(To do): Since only part of the material is needed, please repeat exactly the line that includes "Some of the text" and every line after it, up to the last.

%%

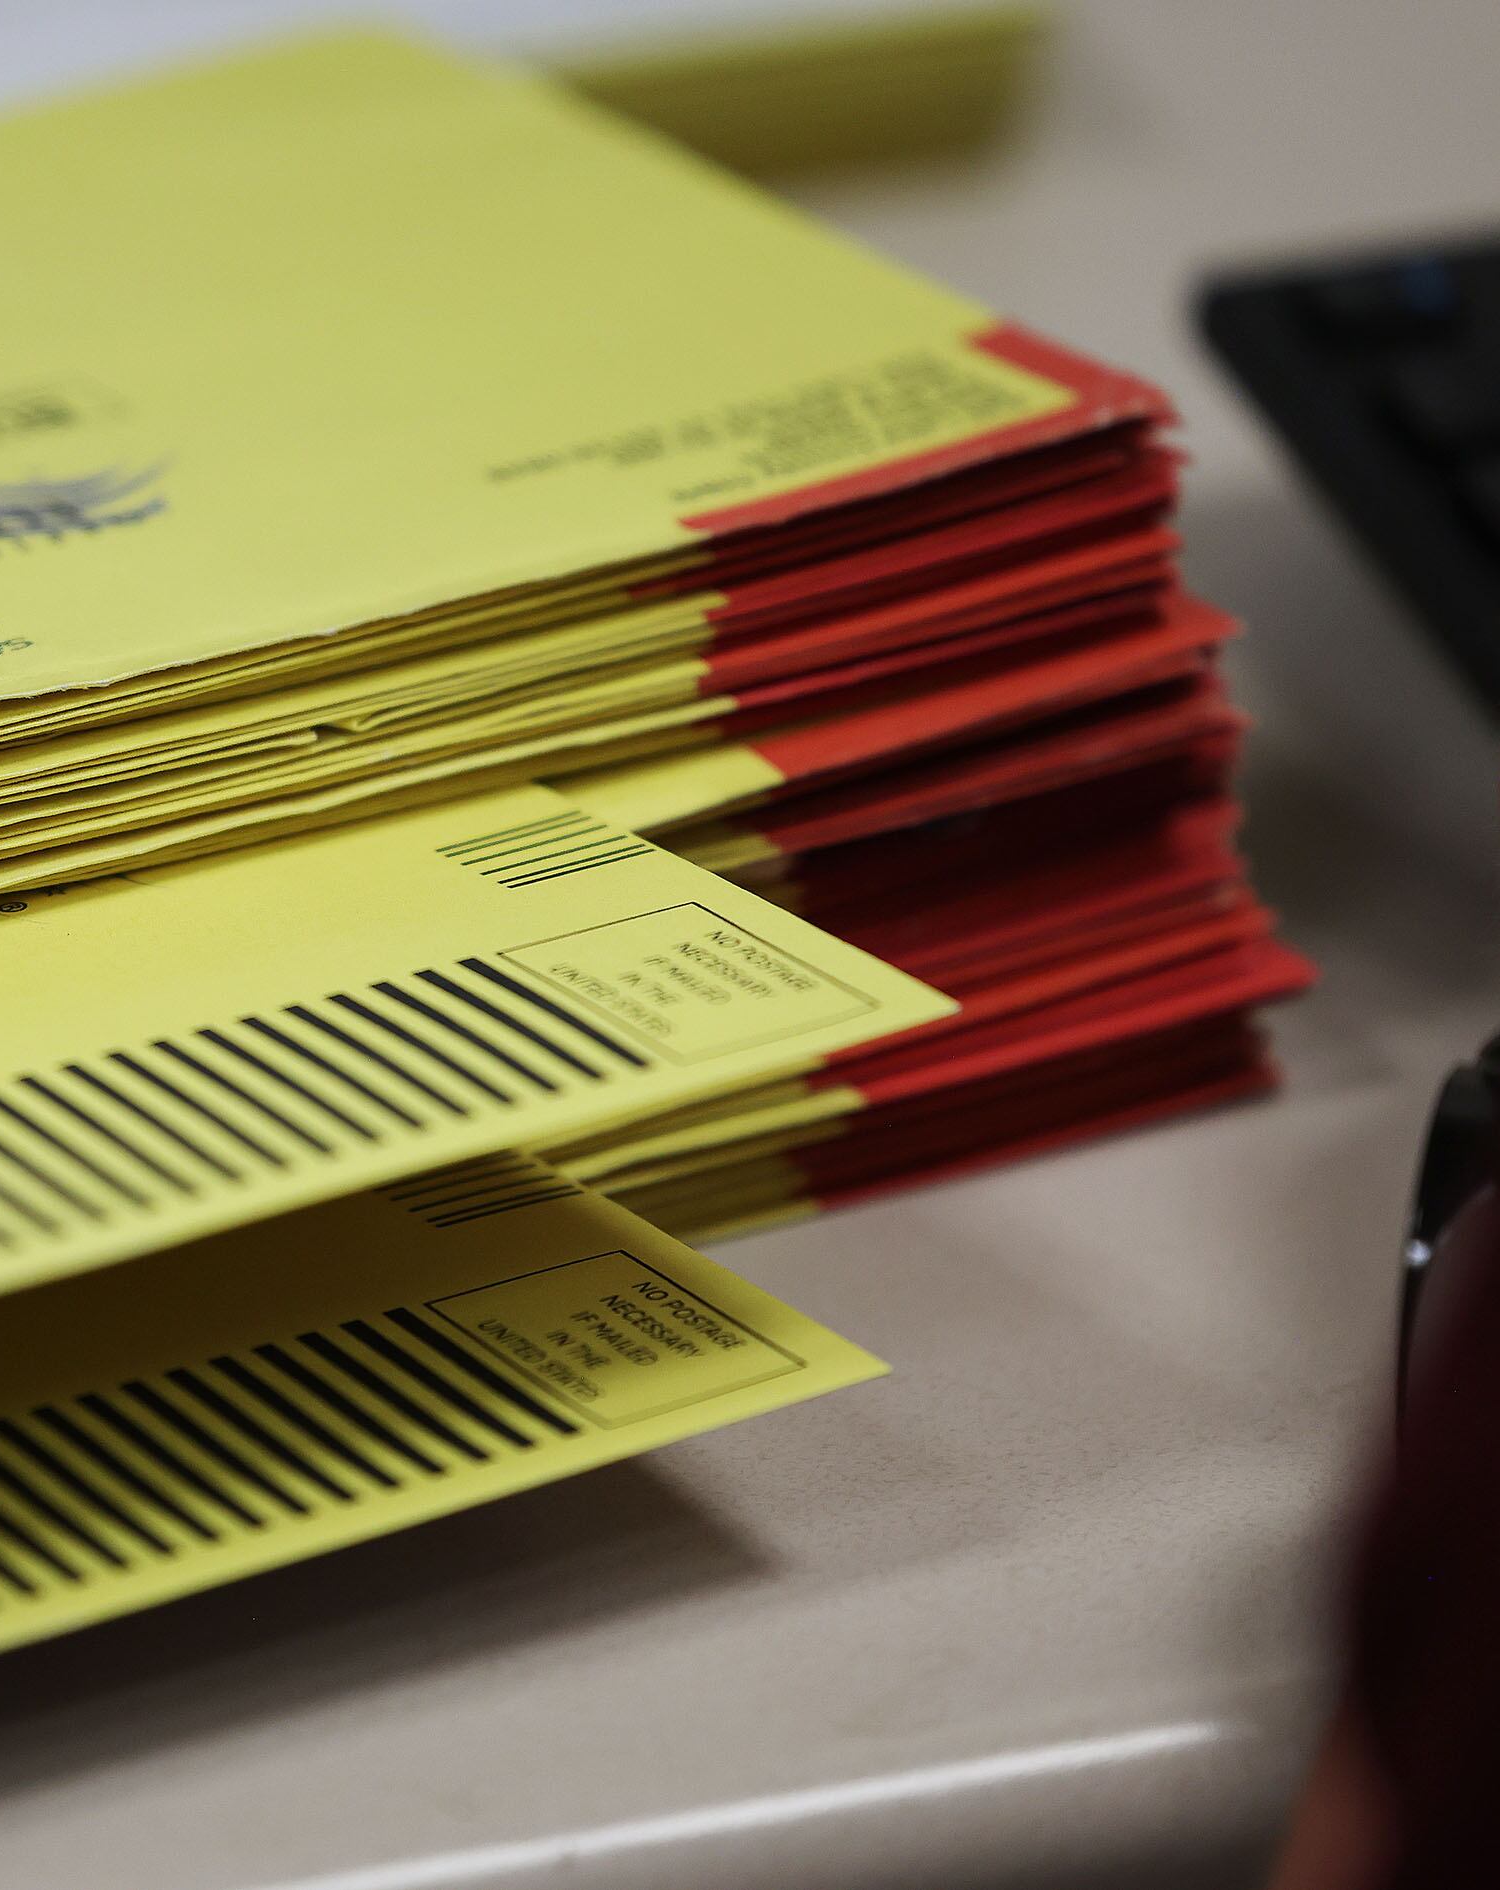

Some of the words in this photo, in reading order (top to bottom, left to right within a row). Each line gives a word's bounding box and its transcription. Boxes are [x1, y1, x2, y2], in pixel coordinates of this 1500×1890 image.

[550, 962, 620, 1000] UNITED
[667, 964, 732, 1005] MAILED
[672, 941, 775, 998] NECESSARY
[704, 928, 742, 949] NO
[739, 944, 817, 992] POSTAGE
[570, 1310, 599, 1323] IF
[586, 1321, 659, 1367] MAILED
[600, 1294, 703, 1358] NECESSARY
[631, 1281, 669, 1301] NO
[660, 1299, 746, 1350] POSTAGE
[477, 1318, 548, 1364] UNITED
[538, 1358, 606, 1400] STATES
[547, 1329, 576, 1348] IN
[577, 1343, 612, 1370] THE
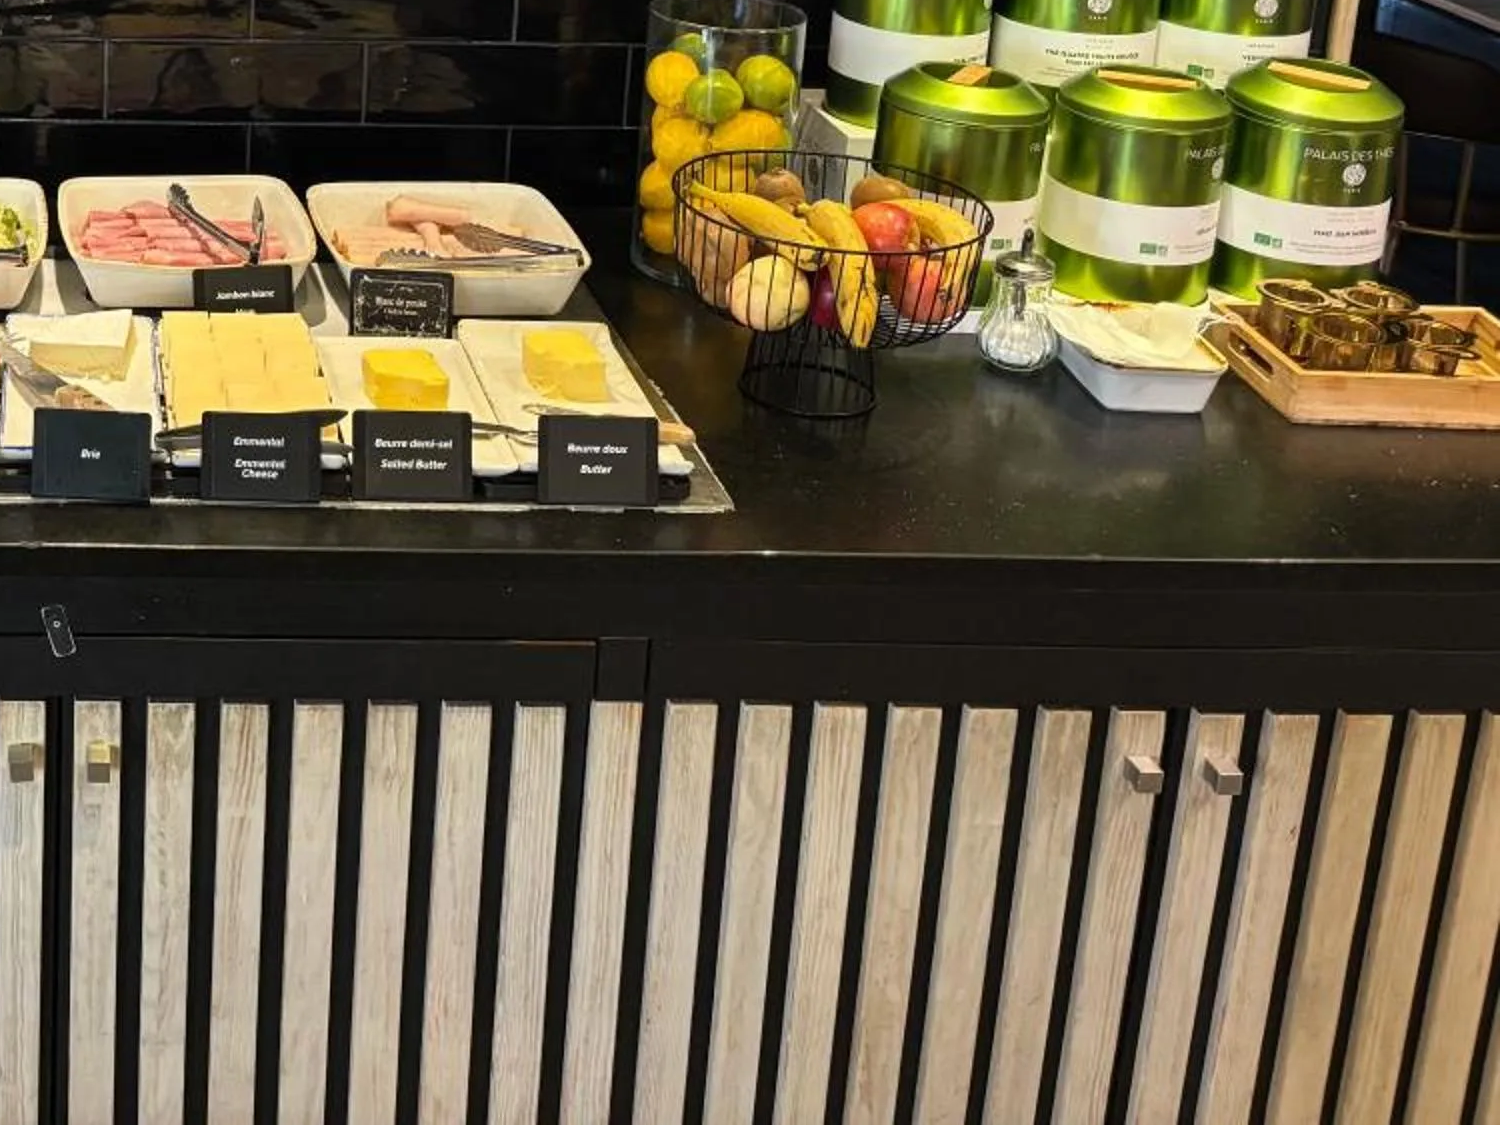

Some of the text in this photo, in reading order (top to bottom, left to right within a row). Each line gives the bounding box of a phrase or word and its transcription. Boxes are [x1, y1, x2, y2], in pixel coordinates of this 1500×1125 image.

[1303, 146, 1349, 162] PALAIS
[233, 436, 285, 448] Emmental
[374, 437, 408, 449] Beurre
[80, 447, 101, 460] Brie
[567, 442, 629, 455] Beurre doux
[234, 458, 287, 469] Emmental
[415, 458, 448, 471] Butter
[579, 463, 612, 475] Butter

%%

(Expected answer):
Some of the text in this photo, in reading order (top to bottom, left to right within a row). Each line gives the bounding box of a phrase or word and its transcription. Boxes are [x1, y1, x2, y2], in pixel coordinates of this 1500×1125 image.

[1303, 146, 1349, 162] PALAIS
[233, 436, 285, 448] Emmental
[374, 437, 408, 449] Beurre
[80, 447, 101, 460] Brie
[567, 442, 629, 455] Beurre doux
[234, 458, 287, 469] Emmental
[415, 458, 448, 471] Butter
[579, 463, 612, 475] Butter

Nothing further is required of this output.